It's time for every journalist's favorite annual kabuki ritual, the one where Social Security and Medicare trustees release their reports, and conservatives interpret it as a sign of the coming geezer apocalypse where all life on earth will be extinguished by the sheer weight of outstanding medical bills, while liberals argue that Social Security is just fine and Medicare is the problem but we'll solve that problem by making some unspecified cuts at some unspecified point in the future.
This year the "it's fine" arguers have a tough uphill climb. The year that Social Security goes bankrupt and cuts benefits by 25% moved up four years, to 2037. The surplus fell 25%. The date that Social Security starts becoming a drain on the general fund, rather than subsidizing it, moved forward a year, to 2016. And suddenly these dates don't sound so comfortably far off, do they?
I'll agree with the liberals on this: the numbers are large, but they are not, economically speaking, catastrophically large. It is theoretically possible to pay for the program.
But I'll disagree with them on this: Social Security is an immense problem. But the problem is not the cash outflow of benefits draining the economy; it is political risk, and structural inefficiency.
The political risk is that whatever the economic theory, we will not politically be able to continue benefits at planned levels. People who counted on those benefits will thereby be made much worse off, because they will have saved too little on the assumption that the benefits would be there. (We will leave aside, for the nonce, the moral possibility of an unjust distribution of consumption between workers and retirees).
The structural inefficiency arises because Social Security encourages people to retire as early as possible.

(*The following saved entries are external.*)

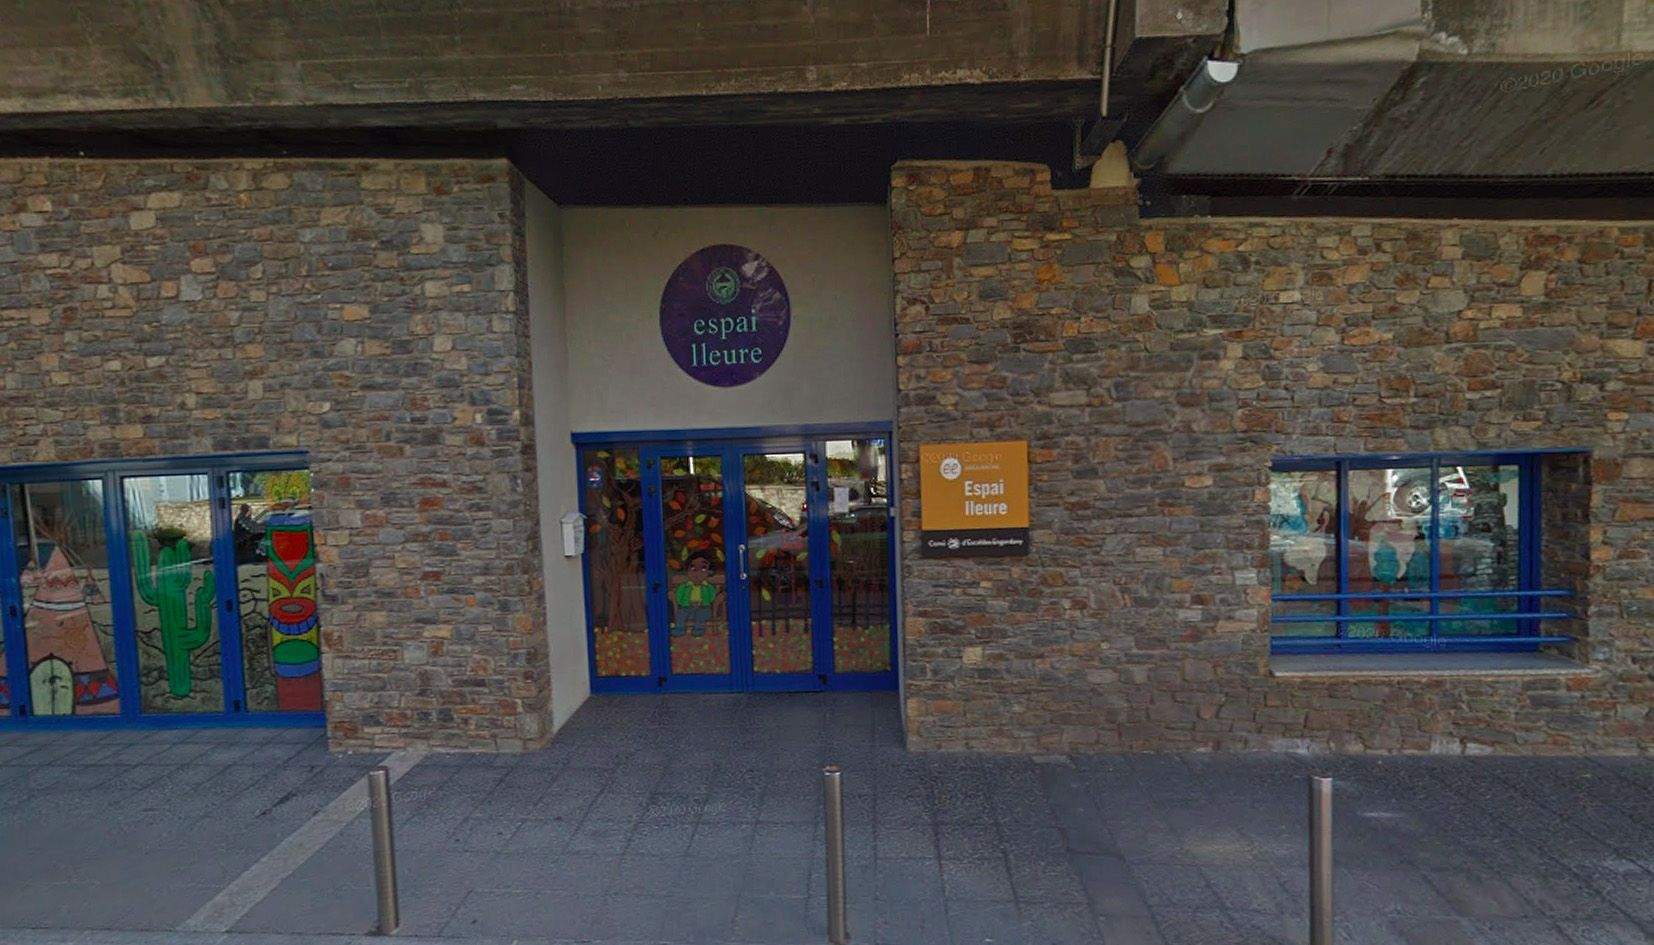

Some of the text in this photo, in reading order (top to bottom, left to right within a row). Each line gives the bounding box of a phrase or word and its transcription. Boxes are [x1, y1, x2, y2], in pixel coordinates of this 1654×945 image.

[693, 308, 758, 339] espai
[691, 342, 763, 367] lleure
[964, 480, 1004, 498] Espai
[964, 501, 1008, 515] lleure
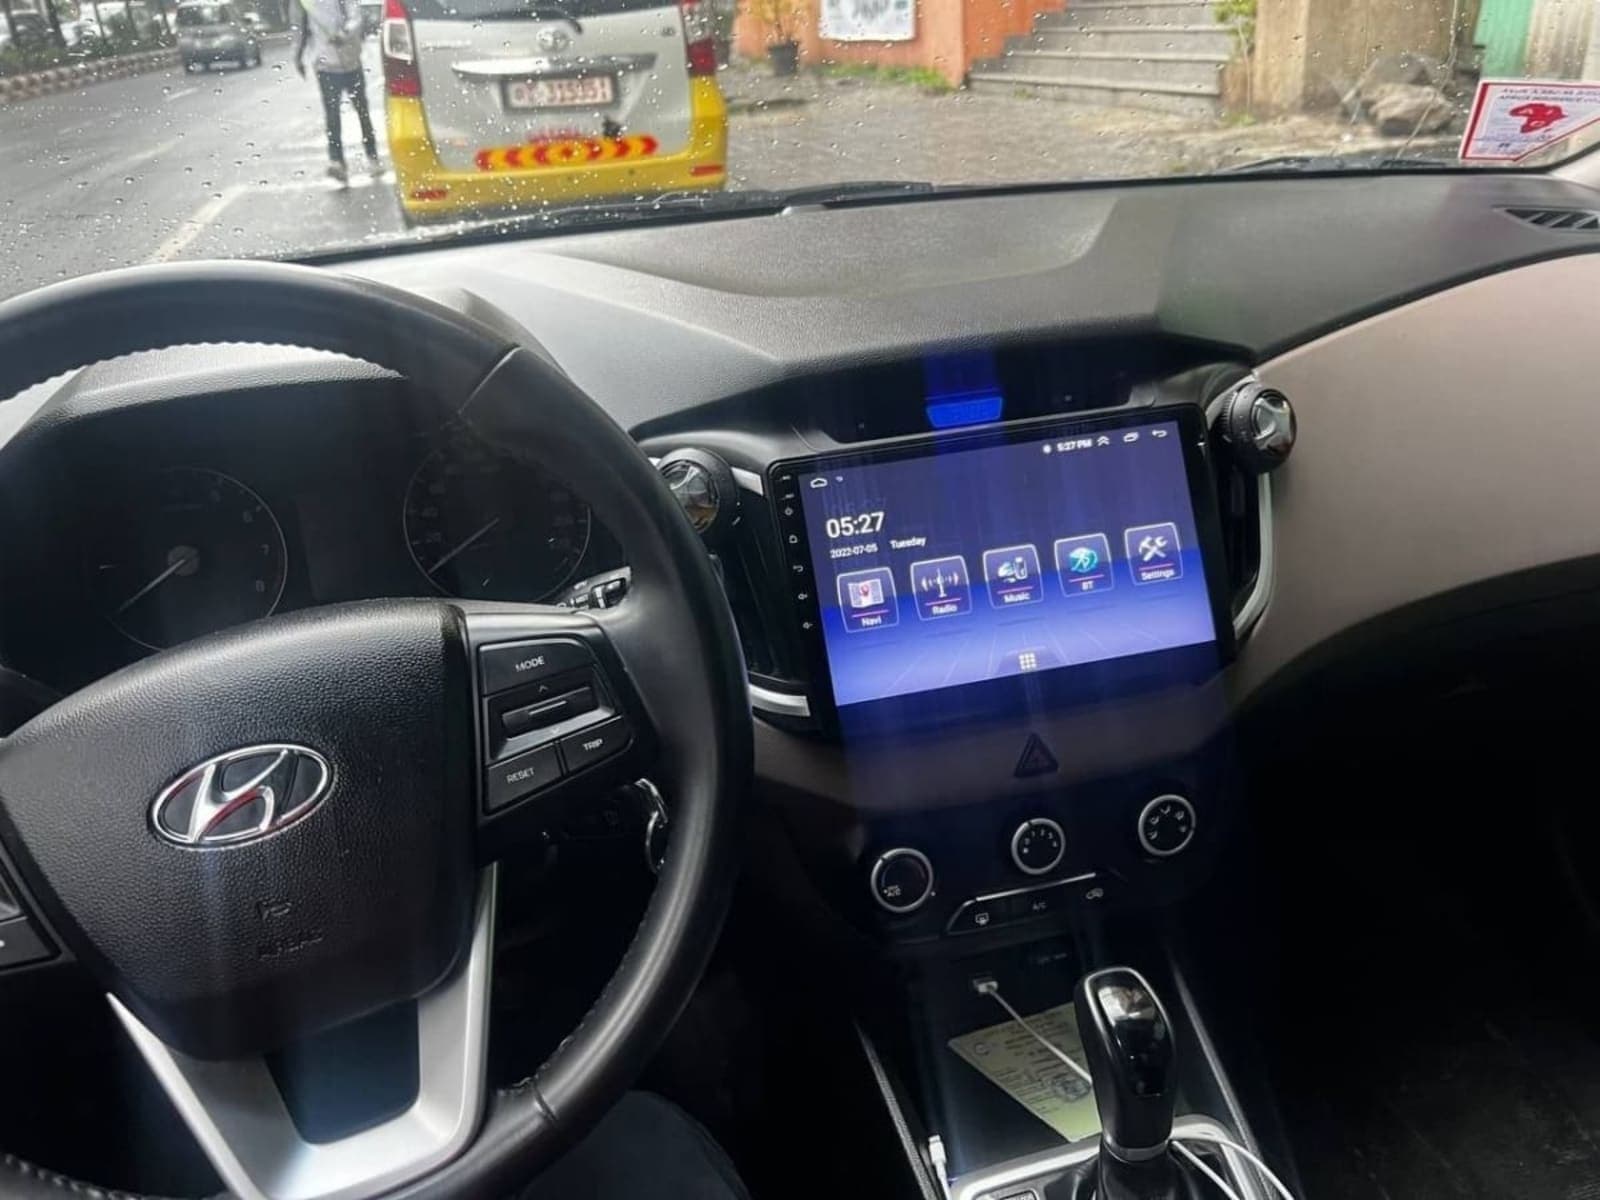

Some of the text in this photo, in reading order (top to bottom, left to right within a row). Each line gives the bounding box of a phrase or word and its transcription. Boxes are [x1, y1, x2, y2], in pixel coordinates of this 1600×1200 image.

We may raise the retirement age slightly, but this takes forever (the current increases, which started only recently, were enacted in the early 1980s). And even after we've raised it, we're still encouraging them to retire as early as possible; we've just moved that date up slightly. Meanwhile, people are able to work longer than ever, and they're living longer. Retirements cannot lengthen indefinitely without massive gains to productivity, or increases in the supply of younger workers; the math doesn't work. Eventually, living standards start to fall.
The combination of the deadweight loss from taxation and the shift of workers from production to dependence makes it harder to pay for the retirement benefits--effectively, Social Security undercuts its own political sustainability. This is the real problem we face, and it's barely hinted at in the Trustees report.